What this repository evaluates

The experiment evaluates four pipelines under a fixed local-stack workflow:

  • P0 — retrieval-only
  • P1 — closed-book answering
  • P2 — standard retrieve-then-answer RAG
  • P3 — same-model query-rewrite RAG

The study is generator-centric. Retrieval still matters and is swept across multiple embedding models and retrieval depths, but the central question is how local quantized generators behave once lexical quality, grounding, latency, semantic adequacy, and runtime failures are measured together.

Relation to the paper

This repository is the runnable companion to the paper’s workstation-scale evaluation story.

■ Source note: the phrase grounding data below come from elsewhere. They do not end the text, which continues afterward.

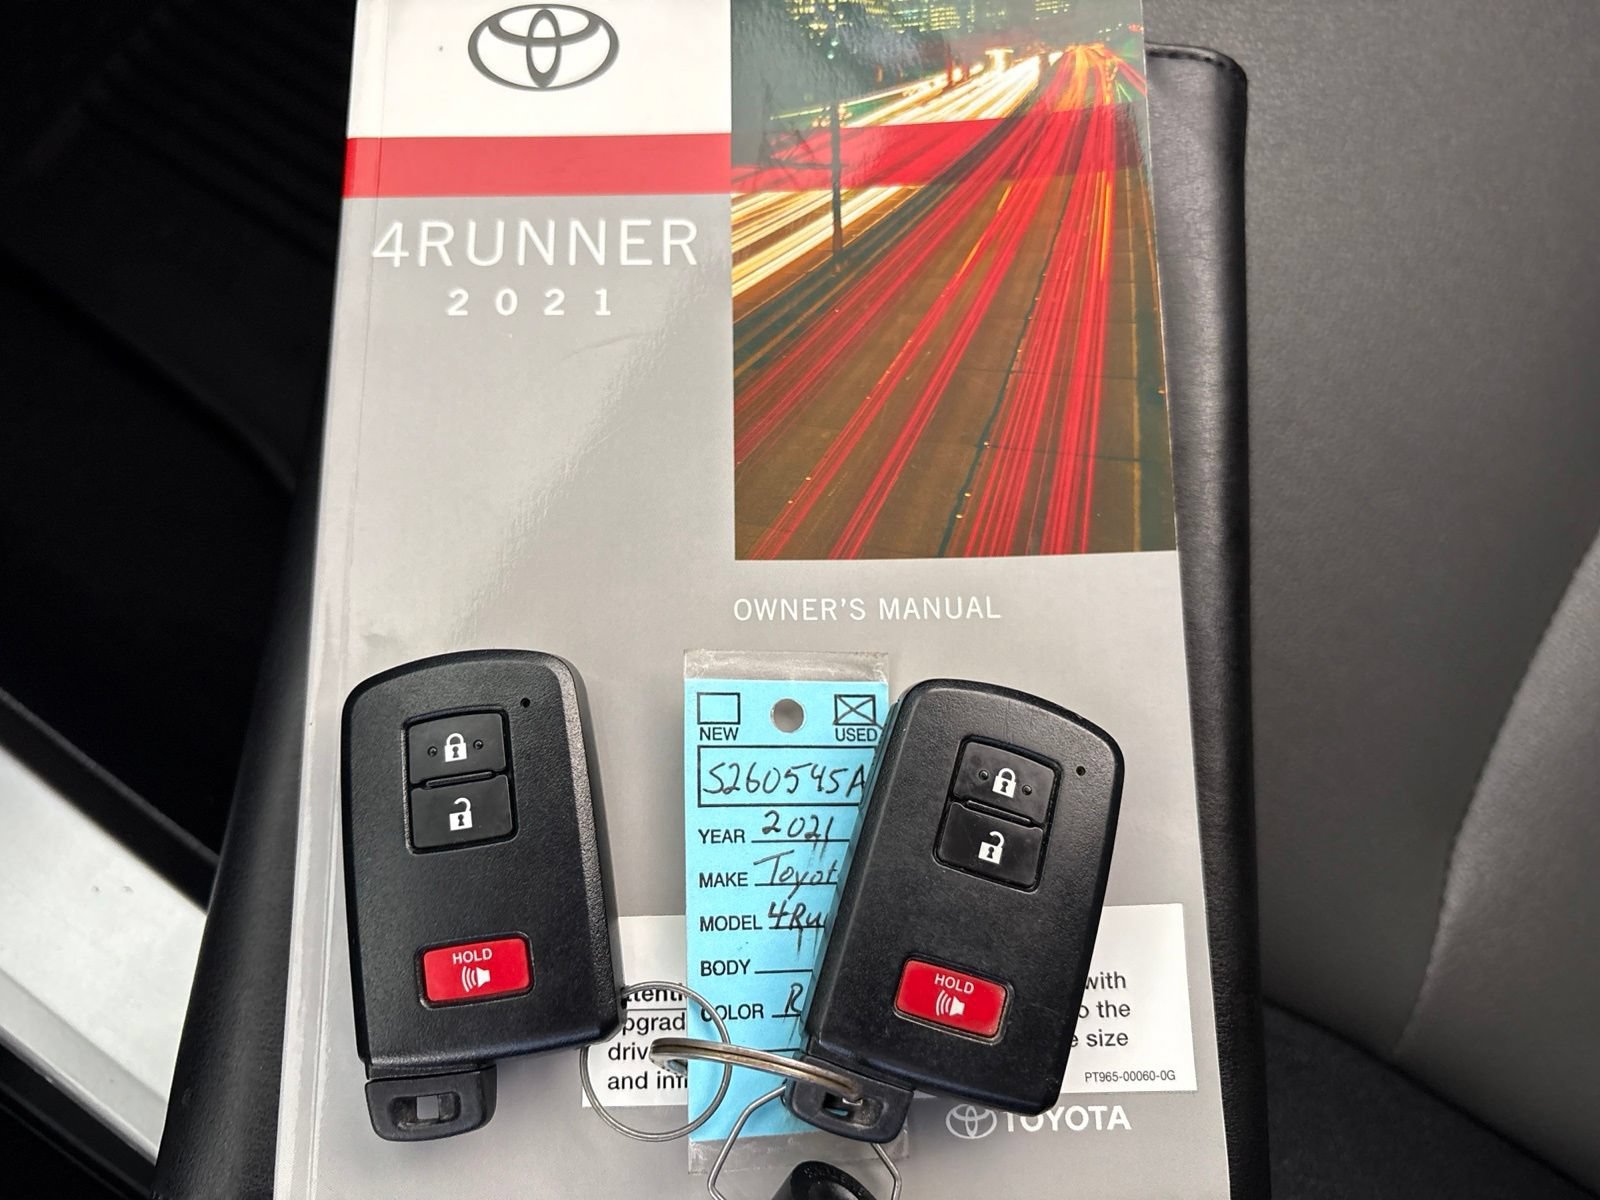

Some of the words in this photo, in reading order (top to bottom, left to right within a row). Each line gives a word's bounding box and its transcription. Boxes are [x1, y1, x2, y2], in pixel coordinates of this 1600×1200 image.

[371, 217, 699, 268] 4RUNNER
[447, 288, 612, 317] 2021
[733, 597, 866, 621] OWNER'S
[878, 596, 1003, 620] MANUAL
[699, 726, 739, 741] NEW
[834, 727, 878, 742] USED
[761, 809, 835, 842] 2021
[698, 829, 746, 844] YEAR
[699, 872, 749, 888] MAKE
[699, 915, 763, 932] MODEL
[767, 899, 829, 931] 4Ru
[451, 946, 494, 965] HOLD
[699, 958, 751, 977] BODY
[934, 972, 976, 996] HOLD
[700, 1003, 765, 1023] COLOR
[1095, 999, 1132, 1019] the
[1085, 1028, 1129, 1048] size
[607, 1071, 649, 1090] and
[1005, 1105, 1133, 1133] TOYOTA
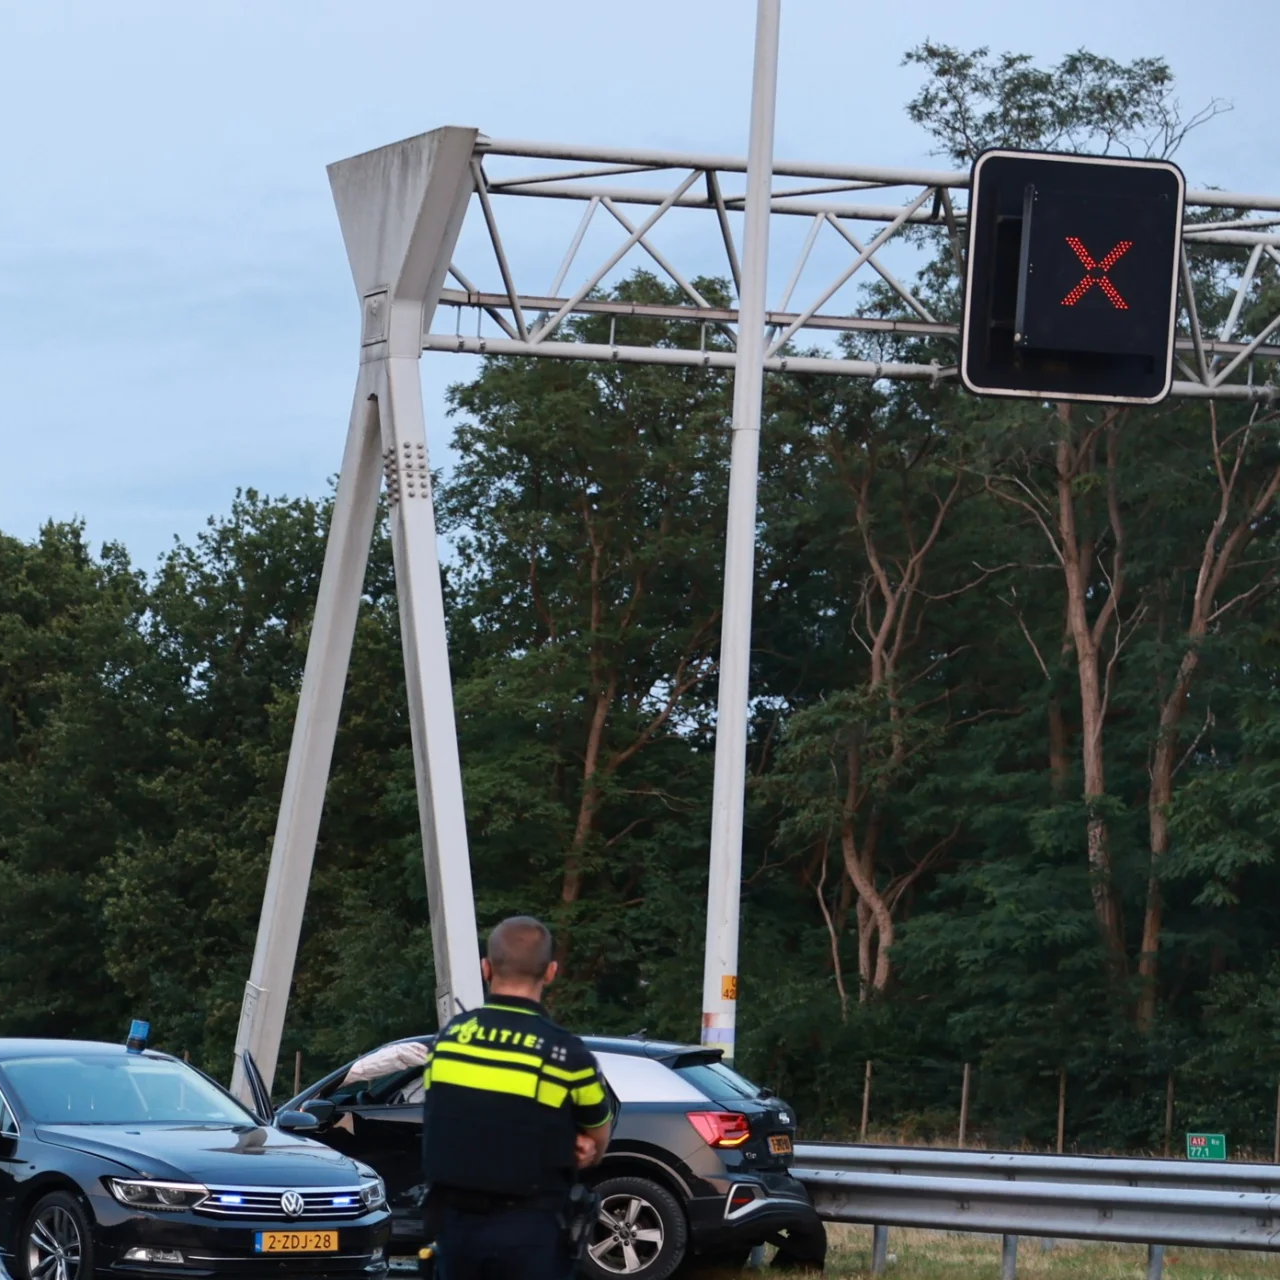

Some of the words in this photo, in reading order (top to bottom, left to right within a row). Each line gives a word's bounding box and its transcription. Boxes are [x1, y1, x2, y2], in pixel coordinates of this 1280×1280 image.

[1192, 1137, 1205, 1145] A12
[1190, 1147, 1209, 1157] 77.1
[268, 1234, 332, 1250] 2-ZDJ-28

The manuscript describes a single personal workstation with:

  • one NVIDIA GeForce RTX 3090 GPU with 24.0 GB VRAM
  • Ollama 0.17.1
  • FAISS 1.13.2
  • Python 3.11.14

The purpose of this repository is therefore not to claim universal model rankings, but to make this exact local-stack workflow inspectable, repeatable, and extendable.

Quickstart

Install the runner and base-analysis dependencies:

pip install -e ".[runner,analysis]"

Start Ollama locally, then run the canonical paper-style command:

python -m edgerag.cli.run   --config configs/phase1.json   --verbose_stream   --first_token_timeout_s 300   --stream_timeout_s 600

Regenerate the base analysis:

python -m edgerag.analysis.base   --config configs/phase1.json   --results results_phase1/results.jsonl   --outdir artifacts/paper/sample_outputs/base_analysis

Add SAS only when needed:

pip install -e ".[runner,analysis,sas]"
python -m edgerag.analysis.sas   --config configs/phase1.json   --results results_phase1/results.jsonl   --outdir artifacts/paper/sample_outputs/sas_analysis

Repository layout

.
├── README.md
├── CITATION.cff
├── LICENSE-TODO.txt
├── pyproject.toml
├── configs/
├── docs/
├── artifacts/
├── legacy/
├── src/edgerag/
└── tests/

Key locations:

  • configs/phase1.json — canonical stable config
  • src/edgerag/pipelines/runner.py — main experiment orchestration
  • src/edgerag/analysis/base.py — base analysis
  • src/edgerag/analysis/sas.py — optional SAS extension
  • artifacts/paper/ — paper-facing tracked artifacts and sample output locations
  • legacy/original_snapshot/ — preserved uploaded originals for audit comparison

Installation

Core package only:

pip install -e .

Experiment runner + base analysis:

pip install -e ".[runner,analysis]"

Add optional SAS:

pip install -e ".[runner,analysis,sas]"

Add test tooling:

pip install -e ".[dev]"

External software

The main experiment runner expects a local Ollama server. This dependency is deliberate and part of the scientific setup rather than an implementation detail.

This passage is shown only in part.